In its pursuit of higher-paying out-of-state students, the University of Maine’s flagship campus has taken to the highways. For the past several years, the university has placed billboards on turnpikes in many Northeastern states, as well as in California and Illinois, urging students to “GO TO UMAINE.”1 The billboards promise that students from these states who qualify for admission will receive a scholarship that will allow them to attend Maine’s top public university at the in-state cost in tuition and fees of their state’s public flagship university.2 The non-need-based scholarship program is a moneymaker for the university because the flagships in these states charge higher tuition and fees for in-state students than it does.3 In addition, these students will also have to pay the university the full price for non-tuition expenses, such as room and board, books, and food.4

The University of Maine’s aggressive out-of-state marketing campaign is in many ways a Hail Mary pass. The Orono campus, like many other public colleges and universities in the state, has been struggling for nearly a decade. In response to the national financial crisis, the state of Maine slashed spending on higher education, leaving the university in dire straits, with a $75 million budget deficit.5 Even worse, the state, which has the oldest population in the country, is graduating fewer and fewer high school students. A sharp drop in the birth rate in the state has some experts predicting that the number of potential college-goers will drop by nearly a quarter by 2029.6

“There had been red ink before,” James Page, chancellor of the University of Maine system, told The Chronicle of Higher Education in February. “But there was always a sense that there was some cycle to it, and then you’d come back and make it up. And it became clear that wasn’t going to happen.7

“Past levels of state support weren’t likely to come back, and, more worrisome, neither were past levels of enrollment.”

The University of Maine introduced its “Flagship Match” program during the 2015–16 academic year. In the years since, the university has nearly tripled the amount of money it spends on financial aid for students without financial need (more popularly, if often inaccurately, known as “merit aid”) and doubled the share of non-needy freshmen who receive it, from about 15 to 29 percent.8 The university’s generosity to well-to-do out-of-state students has paid off. The proportion of students from other states has nearly doubled over the past two years, to 36 percent of the student body.9

But the school’s generosity to affluent students has come at the expense of students from Maine who can’t afford to attend without the school’s help. Low-income students were already paying a high average net price — the amount of money that students and their families have to pay after all grant and scholarship aid is deducted from the listed price—of $12,638 when the program started. Since then, the university has significantly reduced the share of financial need it covers, leaving low- and moderate-income students with a larger gap to fill to meet their costs.10 As a result, the average net price that the lowest-income freshmen must pay is on the rise.11

The school’s generosity to affluent students has come at the expense of students from Maine who can’t afford to attend without the school’s help.

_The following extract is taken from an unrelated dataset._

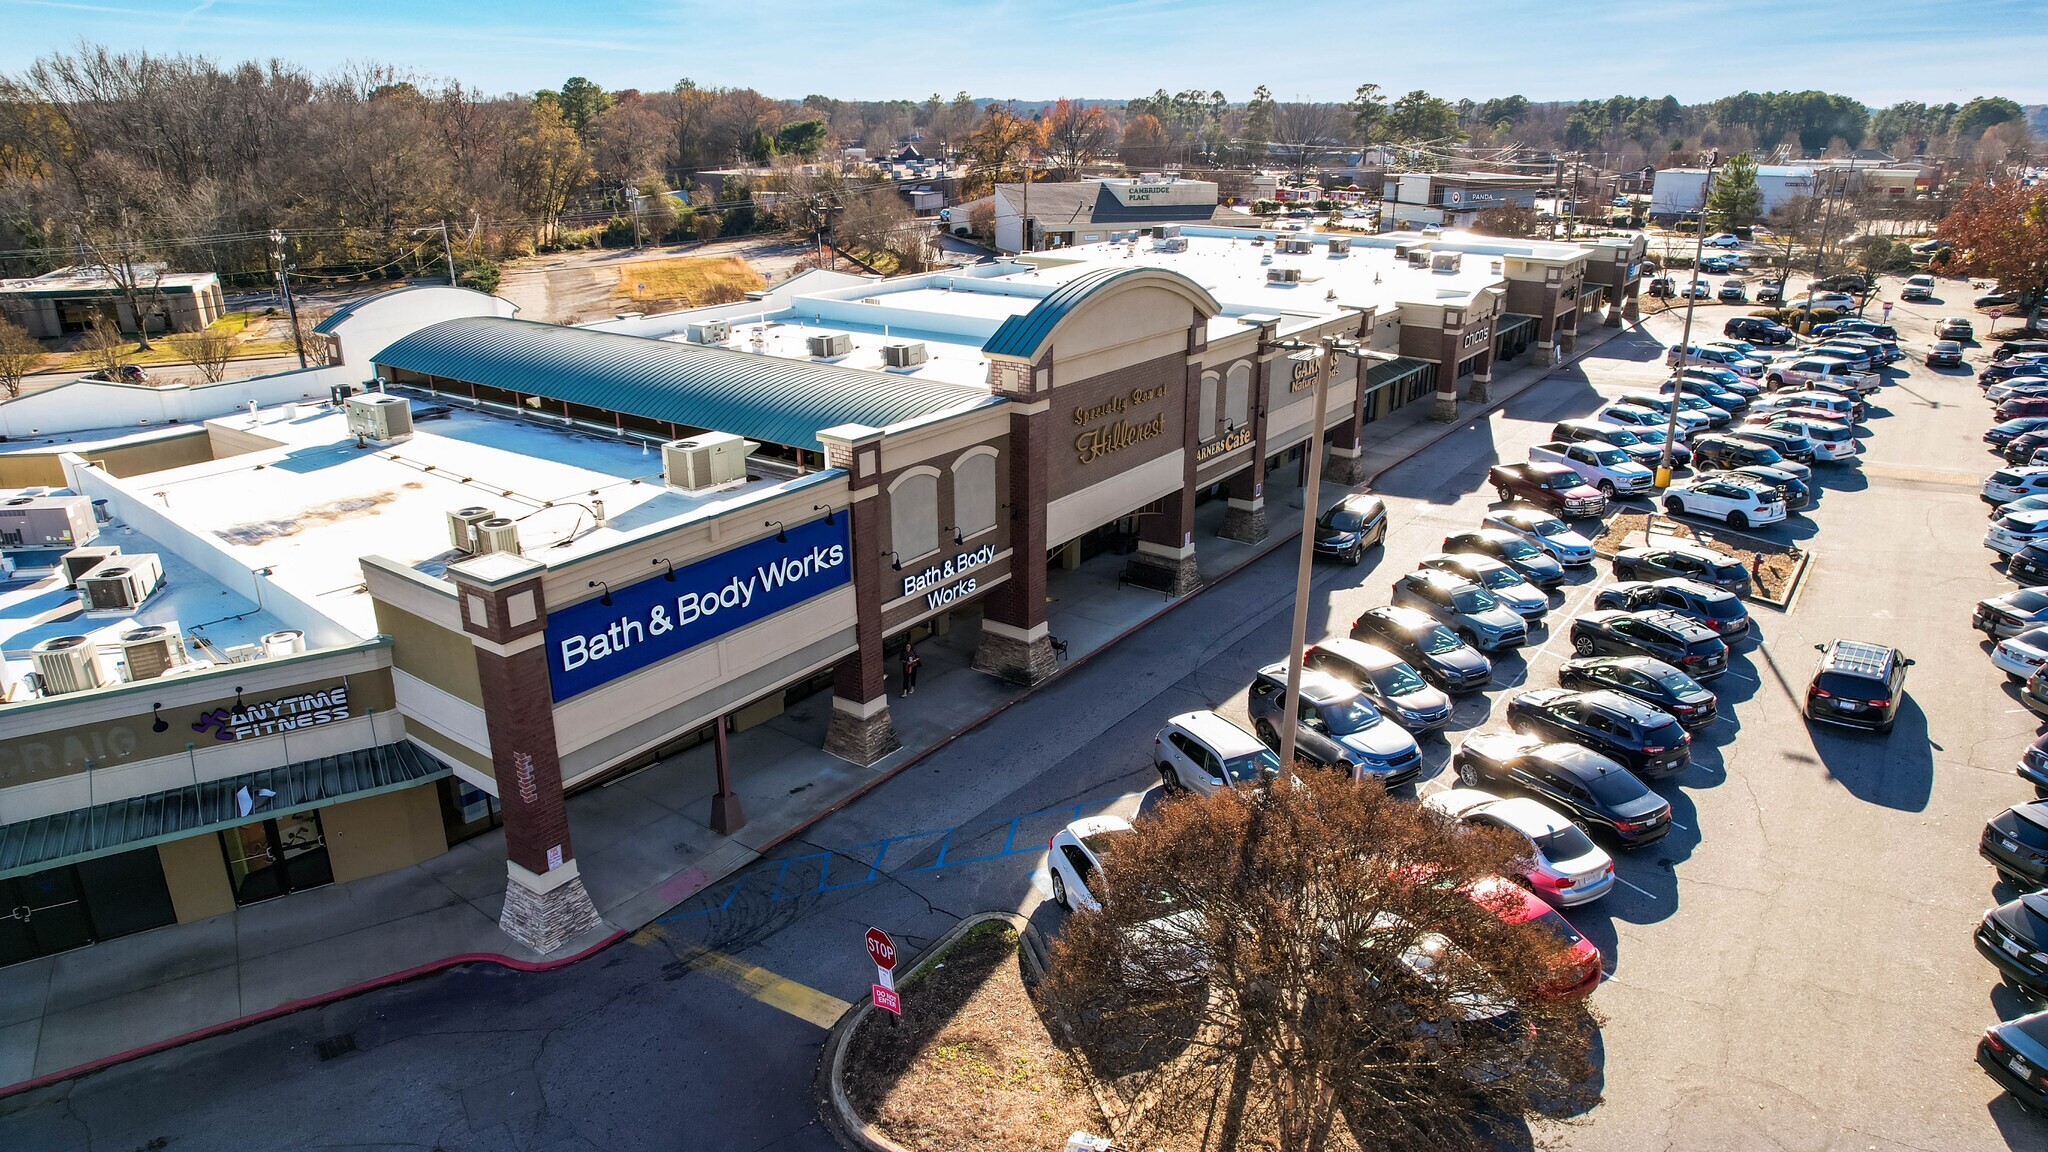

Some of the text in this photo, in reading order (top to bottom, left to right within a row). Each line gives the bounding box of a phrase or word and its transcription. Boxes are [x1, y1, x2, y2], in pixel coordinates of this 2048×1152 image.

Regrettably, the shift in the way that the University of Maine spends its institutional aid dollars is becoming increasingly common at four-year public universities across the country. These schools are increasingly using their limited financial aid budgets to compete fiercely for the students they most desire – the best and brightest and those wealthy enough to pay full freight (or close to it) – rather than for meeting students’ financial need. Low-income students are paying a high price for these policies.

This report examines U.S. Department of Education data showing the average net price for students from families that annually make $30,000 or less at 584 four-year public colleges and universities in the 2015–16 academic year. The analysis finds that more than half of these state-supported institutions (52 percent) expect the neediest freshmen to pay over $10,000, an amount that equals more than a third of their families’ yearly earnings. About 8 percent expect these students and their families to pay more than $15,000.

This report follows up on three previous papers that New America has published that examined the net price data for the 2010–1112, 2011–1213, and 2013–1414 academic years. In each of these publications, the share of public institutions charging low-income students an average net price over $10,000 has grown.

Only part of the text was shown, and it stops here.